According to the Department, the majority of these are credit losses, where the borrower wants to repay the loan but cannot, however Government lacks data to assess the levels of fraud within the Scheme. It also lacks data or measures to understand the economic benefit of the Scheme. In addition, HM Treasury is yet to agree the process and protocols that lenders are expected to follow in recovering overdue loans.
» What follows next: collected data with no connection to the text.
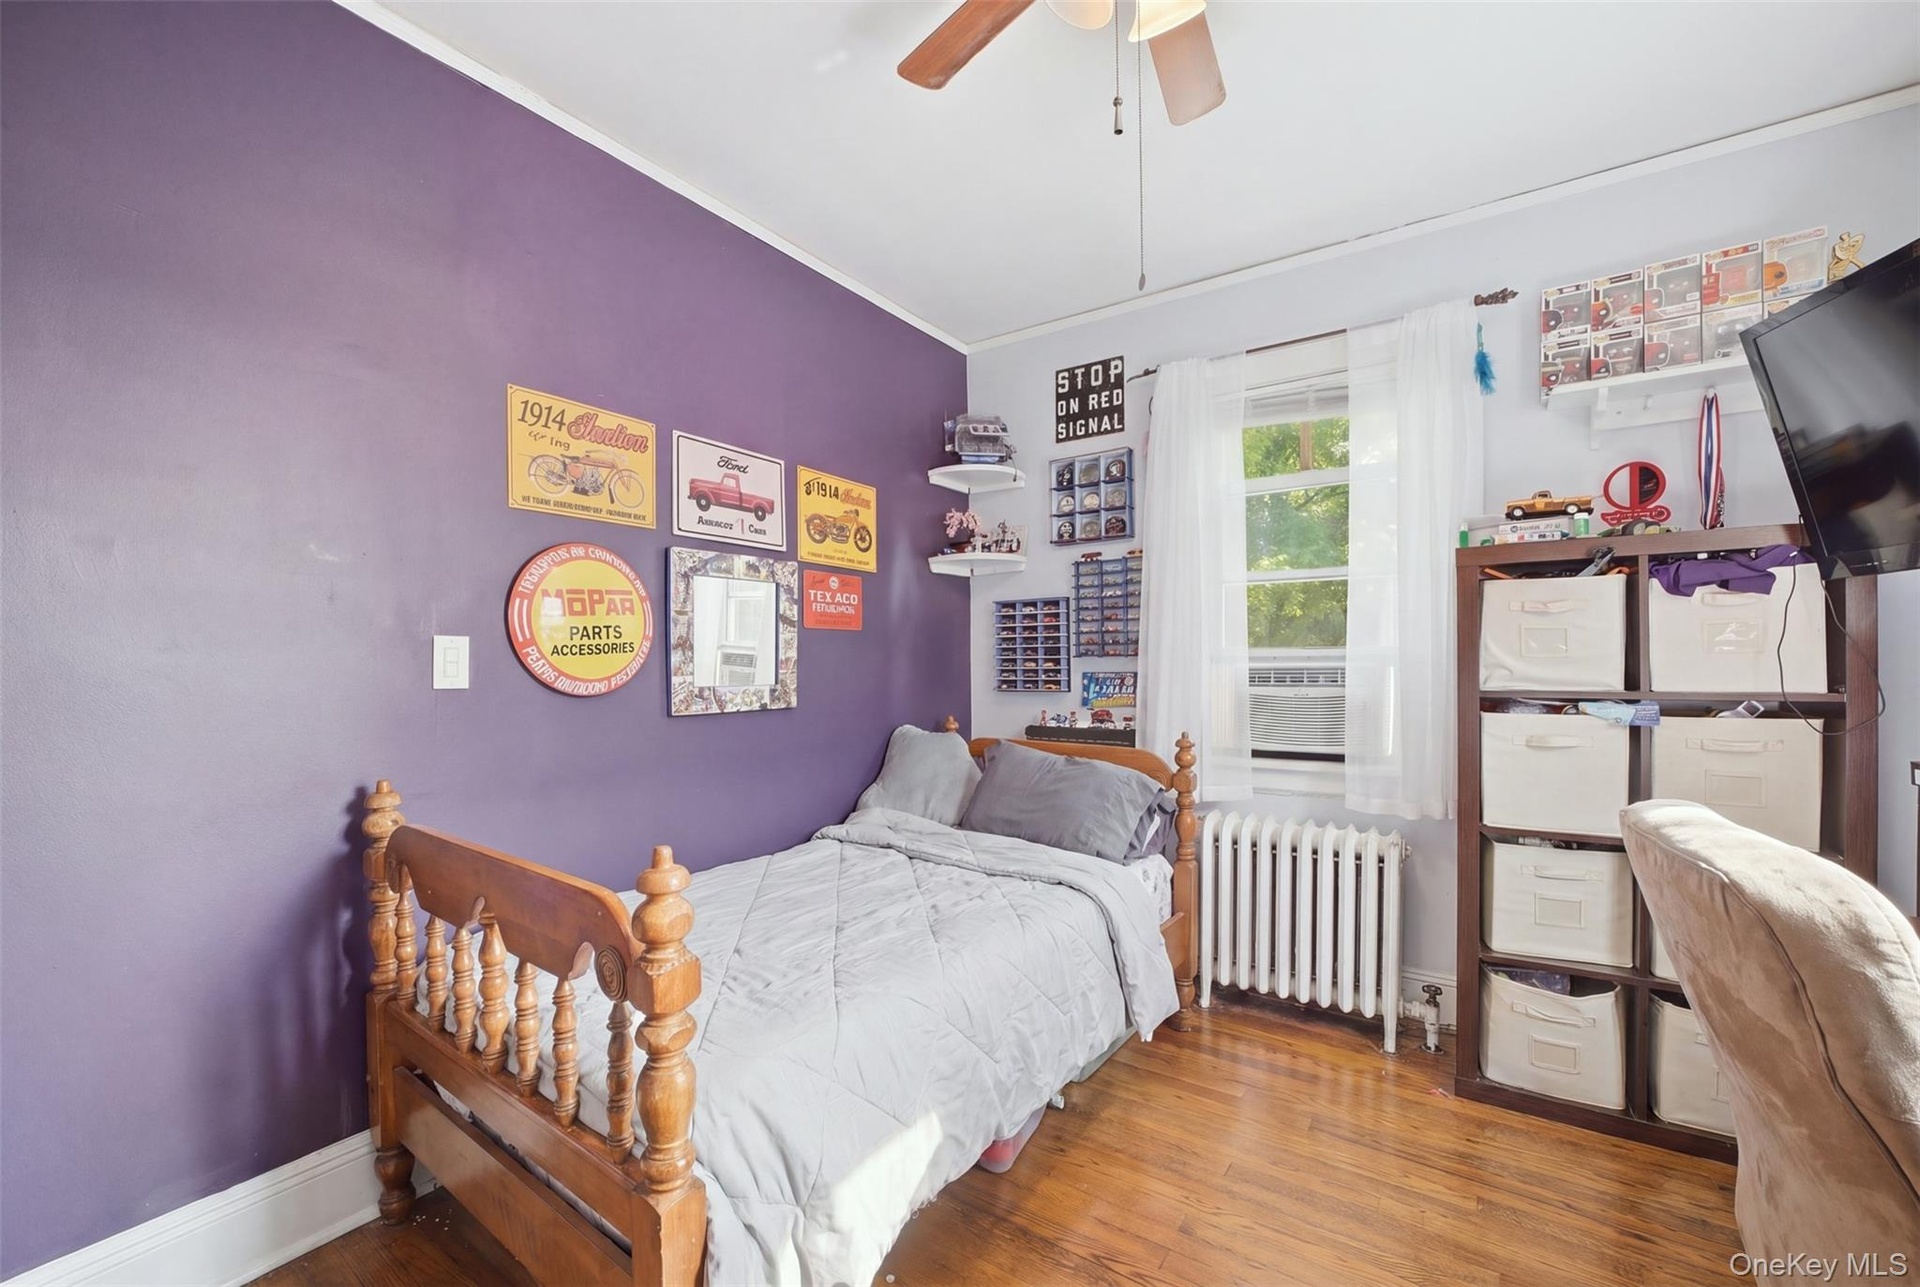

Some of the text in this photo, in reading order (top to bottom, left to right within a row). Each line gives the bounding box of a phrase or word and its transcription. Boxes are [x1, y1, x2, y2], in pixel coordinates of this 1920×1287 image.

[1057, 359, 1123, 393] STOP
[518, 399, 567, 432] 1914
[1057, 389, 1123, 416] ON RED
[1057, 413, 1123, 439] SIGNAL
[569, 624, 623, 641] PARTS
[551, 641, 635, 656] ACCESSORIES
The key findings arising from the inquiry are:
- Government was not sufficiently prepared to support micro businesses despite the economic impact of the pandemic being a known risk.
- The Scheme was implemented with impressive speed but does not strike the right balance between supporting business and protecting the taxpayer.
- Shortcomings in the Scheme’s design have exposed the taxpayer to potentially significant losses.
- Government’s plans for managing risks to the taxpayer—from both fraud and borrowers who are unable to repay loans—are woefully under-developed.
- HM Treasury has not yet finalised the rules lenders need to follow to ensure overdue loans are repaid.
- Government has no apparent plans to measure the Scheme’s impact, including identifying how many businesses have been unable to access support.
Meg Hillier MP, chair of the Public Accounts Committee, said: “We all hope the Bounce Back Loan Scheme saves a significant number of Britain’s small businesses, who will play a key part in the economic recovery from this pandemic.
“But despite knowing that it was a case of ‘when’ rather than ‘if’ a serious pandemic hit the country, government didn’t develop plans for how to support the economy. Rushing to get money out of the door after the fact didn’t allow for analysis of how many businesses needed this help, could benefit from it, or could repay it.”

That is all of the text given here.